Karnataka High Court Rules That Married Daughters Also Have The Right To A Deceased Parent’s Job

Karnataka High Court Rules That Married Daughters Also Have The Right To A Deceased Parent’s Job

As it is being born a woman in this world puts us at a disadvantage. With the deep-rooted patriarchy and stereotypes that have been nurtured over centuries, brainwashing generations has led people to believe that women are lesser than men, which has lead to a world that only favours men. Proof? The existing law that contested only unmarried daughters have a claim to a parent’s job on compassionate grounds after their parent’s demise. Something that the Karnataka HC is working to change.

Coming across as a landmark and a much needed judgement, the Karnataka High Court has recently ruled that married daughters, too, are entitled to seek employment that the parent held on ground of compassiona as they don’t simply cease to be part of the family after they get married. The court directed the government to consider the petitioner’s appeal for a job in one of its departments.

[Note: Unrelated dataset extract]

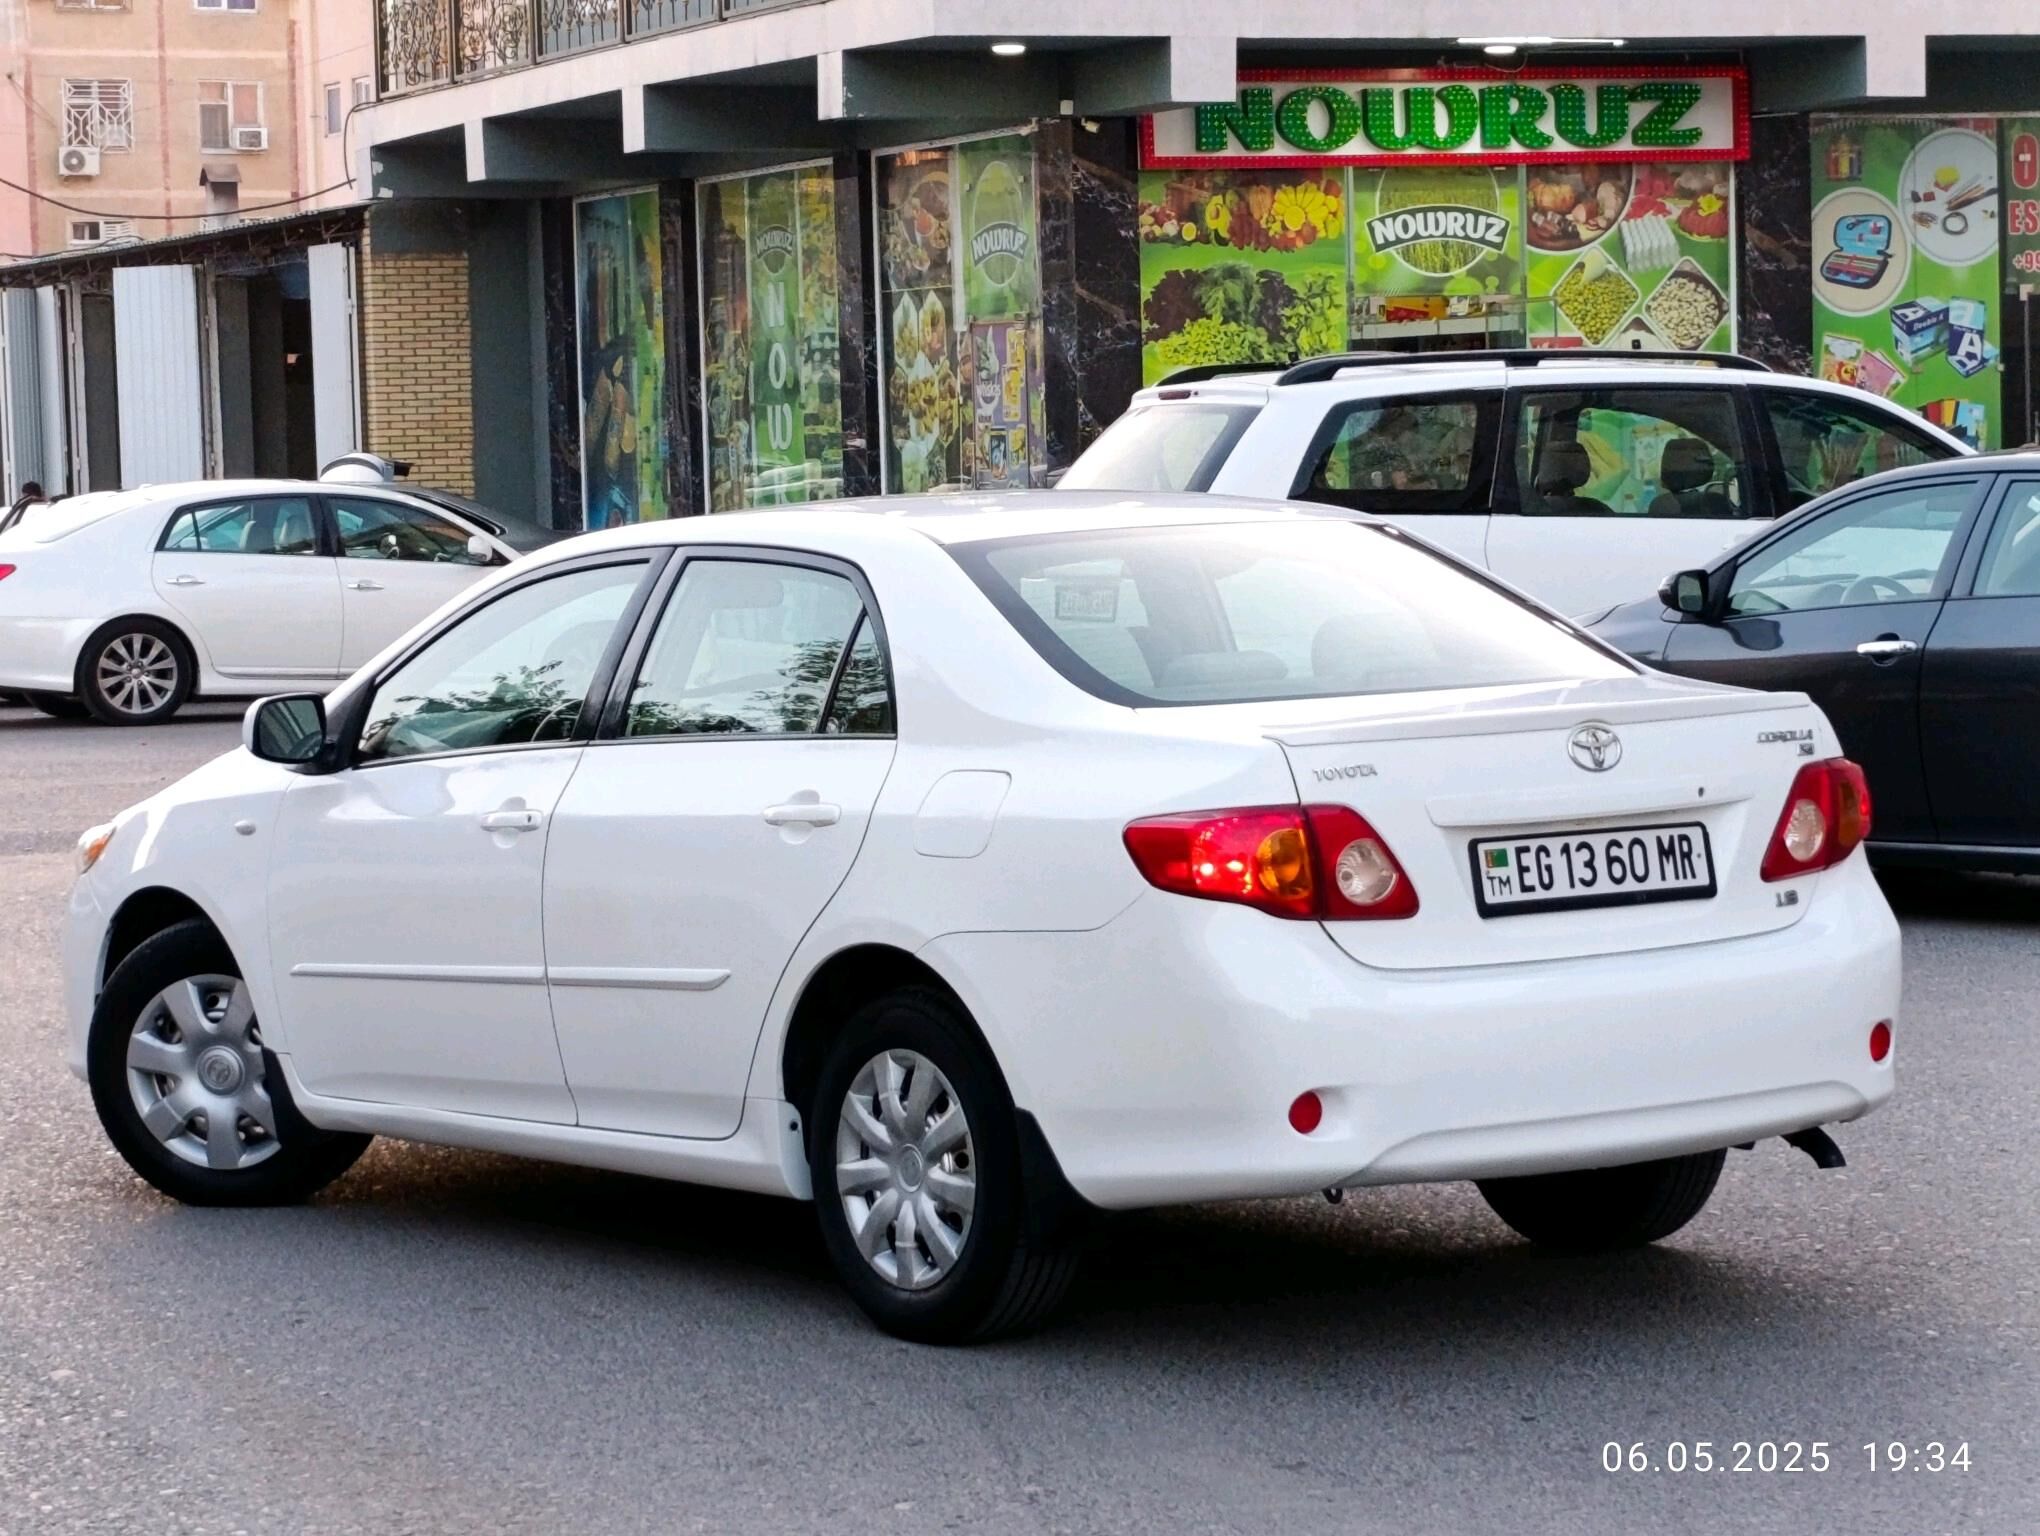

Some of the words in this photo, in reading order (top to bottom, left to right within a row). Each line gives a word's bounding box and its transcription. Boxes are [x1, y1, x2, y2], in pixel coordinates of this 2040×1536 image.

This ruling came after Bhuvaneswari V Puranik, from Bengaluru, filed for a job on compassionate grounds in 2017 after her father who worked as a secretary in the office of Agriculture Produce Marketing Committee at Kuduchi in Belagavi District died in 2016, while he was still serving. Her plea having been rejected, since the Joint Director argued that she was married and no longer a part of her father’s family. She then took her her plight to the court.

Also Read : ‘An Adult Woman Can Reside Wherever She Wants And With Whoever She Chooses’ Says Delhi HC. We Need A Court To Remind Us That Women Are Adults

“Half the world, and not even half a chance,” the HC said while making a ruling that now allowed married daughters with the same right that was being extended to married sons of the family. Calling the earlier rule ‘discriminatory’, and we agree, the court said married daughters’ exclusion from the extent of definition of ‘family’ under the Karnataka Cuvil Services Rules 1996, was illegal and discriminatory, and to top it all – unconstitutional.

The order said, “If the marital status of a son does not make any difference in law to his entitlement for seeking appointment on compassionate grounds, (then) the marital status of a daughter (too) should make no difference. Law cannot make an assumptions that married sons alone continue to be a part of the family.”

Further to this, Justice M Nagaprasanna said, “nature bestows so much on women (and) the law cannot bestow too little.” It’s a shame that a daughter of the house is considered an outsider the moment she marries another man, while no such predicament follows the marriage of a son. However, it is a positive sign to see the law recognise how such bias simply cannot be furthered, and we are extremely satisfied with Karnataka HC’s recent ruling.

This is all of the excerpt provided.